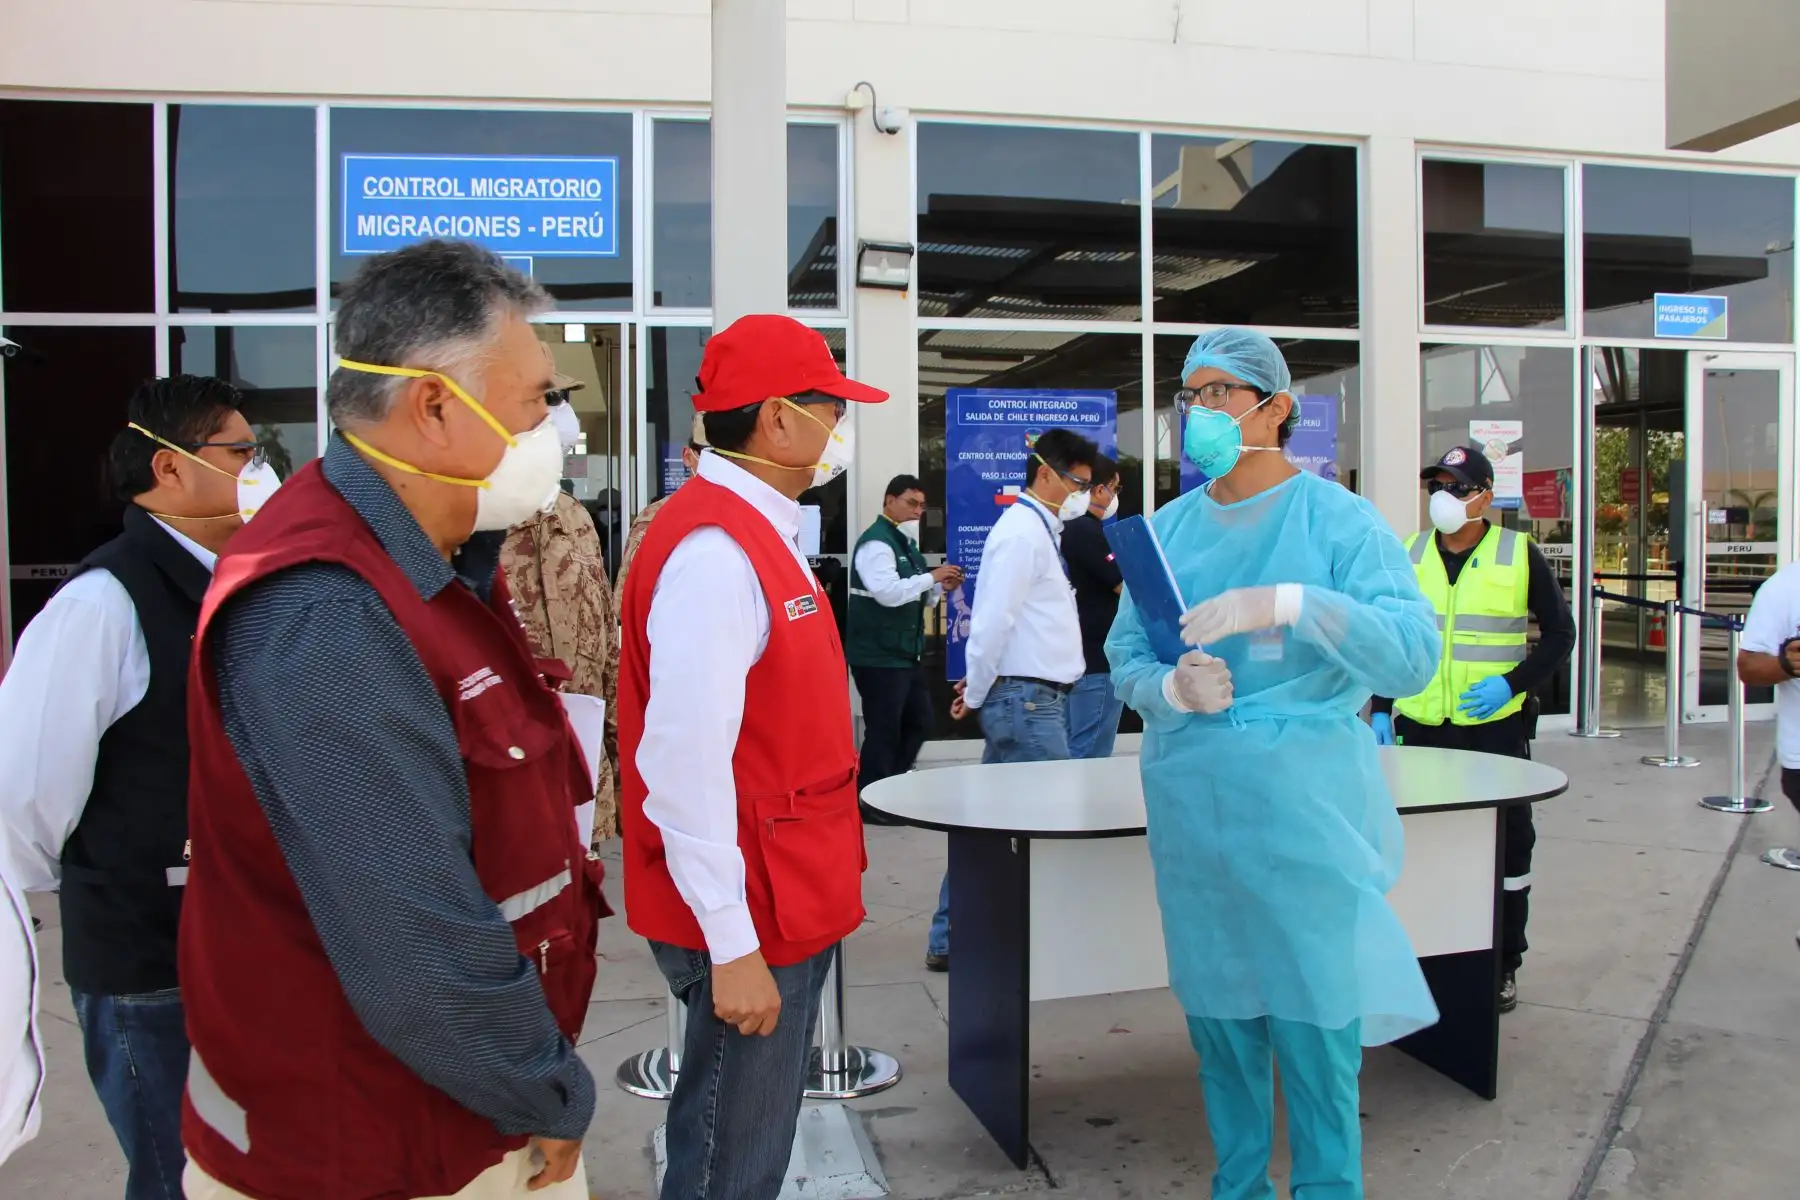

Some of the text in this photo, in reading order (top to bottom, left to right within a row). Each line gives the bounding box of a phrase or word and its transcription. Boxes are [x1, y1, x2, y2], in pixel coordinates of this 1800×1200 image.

[363, 176, 602, 198] CONTROL MIGRATORIO
[357, 214, 521, 237] MIGRACIONES
[542, 211, 603, 237] PERÚ
[1659, 305, 1709, 314] INGRESO DE
[1659, 313, 1708, 324] PASAJEROS
[988, 399, 1078, 410] CONTROL INTEGRADO
[965, 412, 1100, 423] SALIDA DE CHILE E INGRESO AL PERÚ
[958, 451, 1028, 461] CENTRO DE ATENCIÓN
[981, 471, 1000, 480] PASO

━━━

* [Prompt]: Print every line of the material exactly as written, but drop the pictures.

* [Answer space]:
Some of the text in this photo, in reading order (top to bottom, left to right within a row). Each line gives the bounding box of a phrase or word and its transcription. Boxes are [x1, y1, x2, y2], in pixel coordinates of this 1800×1200 image.

[363, 176, 602, 198] CONTROL MIGRATORIO
[357, 214, 521, 237] MIGRACIONES
[542, 211, 603, 237] PERÚ
[1659, 305, 1709, 314] INGRESO DE
[1659, 313, 1708, 324] PASAJEROS
[988, 399, 1078, 410] CONTROL INTEGRADO
[965, 412, 1100, 423] SALIDA DE CHILE E INGRESO AL PERÚ
[958, 451, 1028, 461] CENTRO DE ATENCIÓN
[981, 471, 1000, 480] PASO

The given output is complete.